Instructions to follow = All the data below goes into the copy word for word, but the pictures don't.

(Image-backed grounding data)
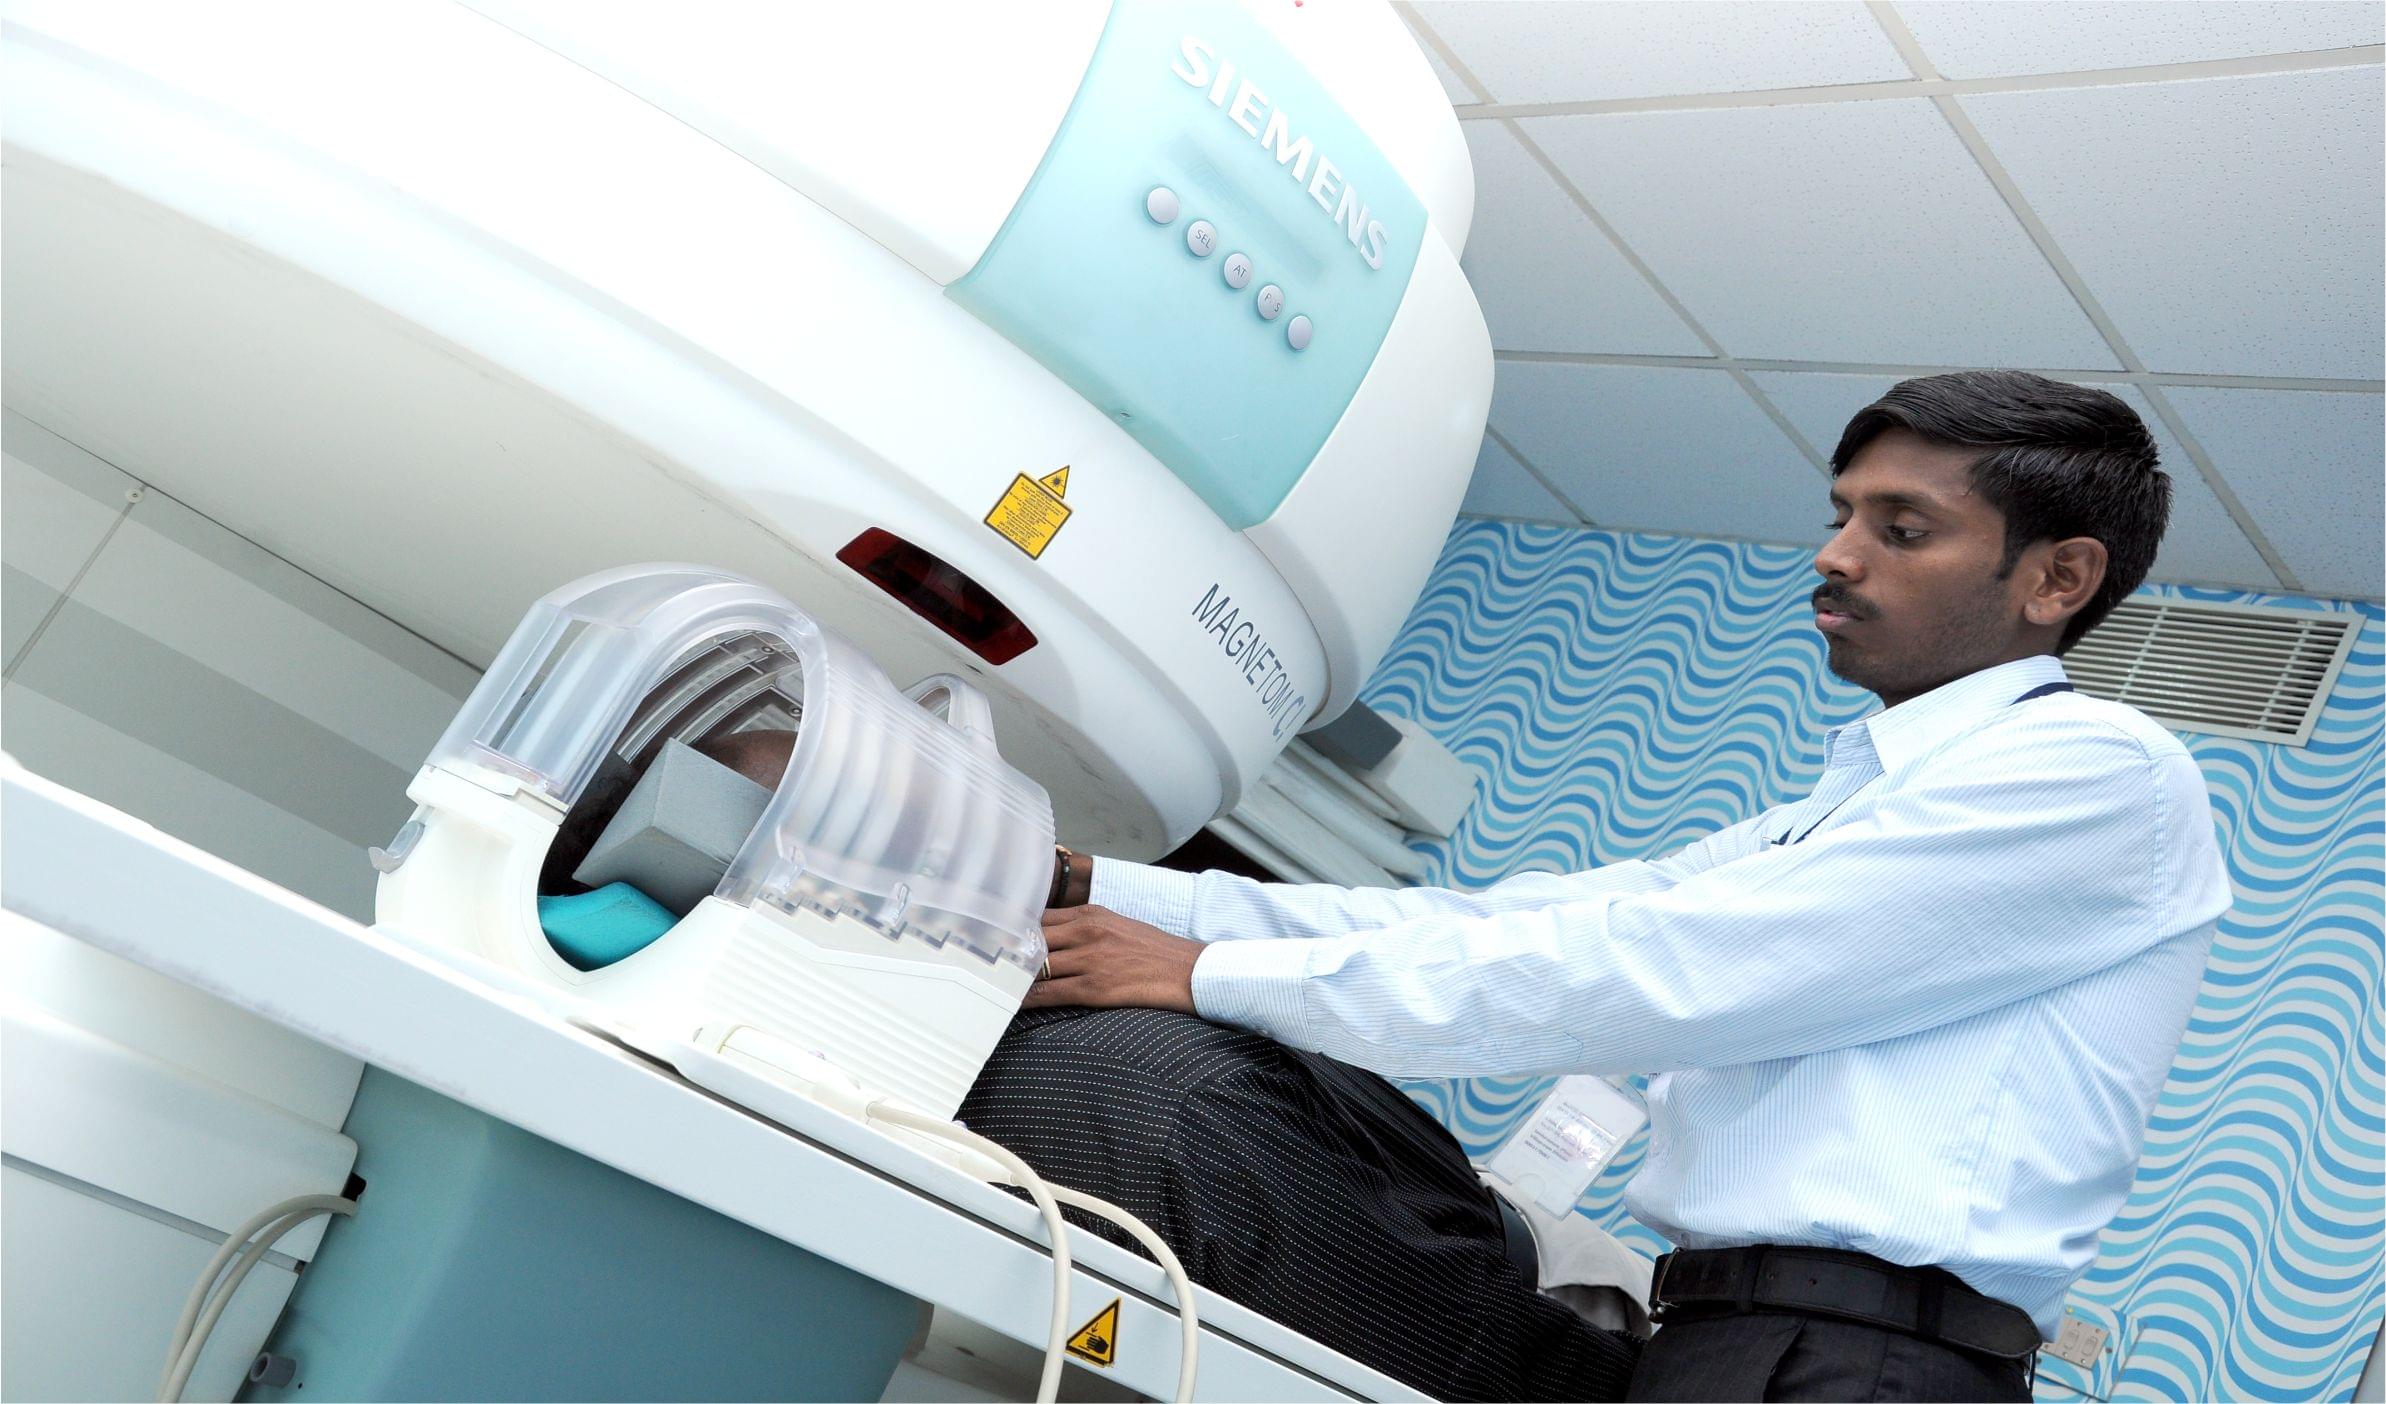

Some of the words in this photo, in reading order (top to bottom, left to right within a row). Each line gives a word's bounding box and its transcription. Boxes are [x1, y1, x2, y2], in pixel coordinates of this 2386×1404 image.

[1170, 35, 1388, 271] SIEMENS
[1195, 229, 1211, 249] SEL
[1233, 264, 1247, 278] AT
[1191, 582, 1294, 720] MAGNETOM

Output for this exercise =
Some of the words in this photo, in reading order (top to bottom, left to right within a row). Each line gives a word's bounding box and its transcription. Boxes are [x1, y1, x2, y2], in pixel coordinates of this 2386×1404 image.

[1170, 35, 1388, 271] SIEMENS
[1195, 229, 1211, 249] SEL
[1233, 264, 1247, 278] AT
[1191, 582, 1294, 720] MAGNETOM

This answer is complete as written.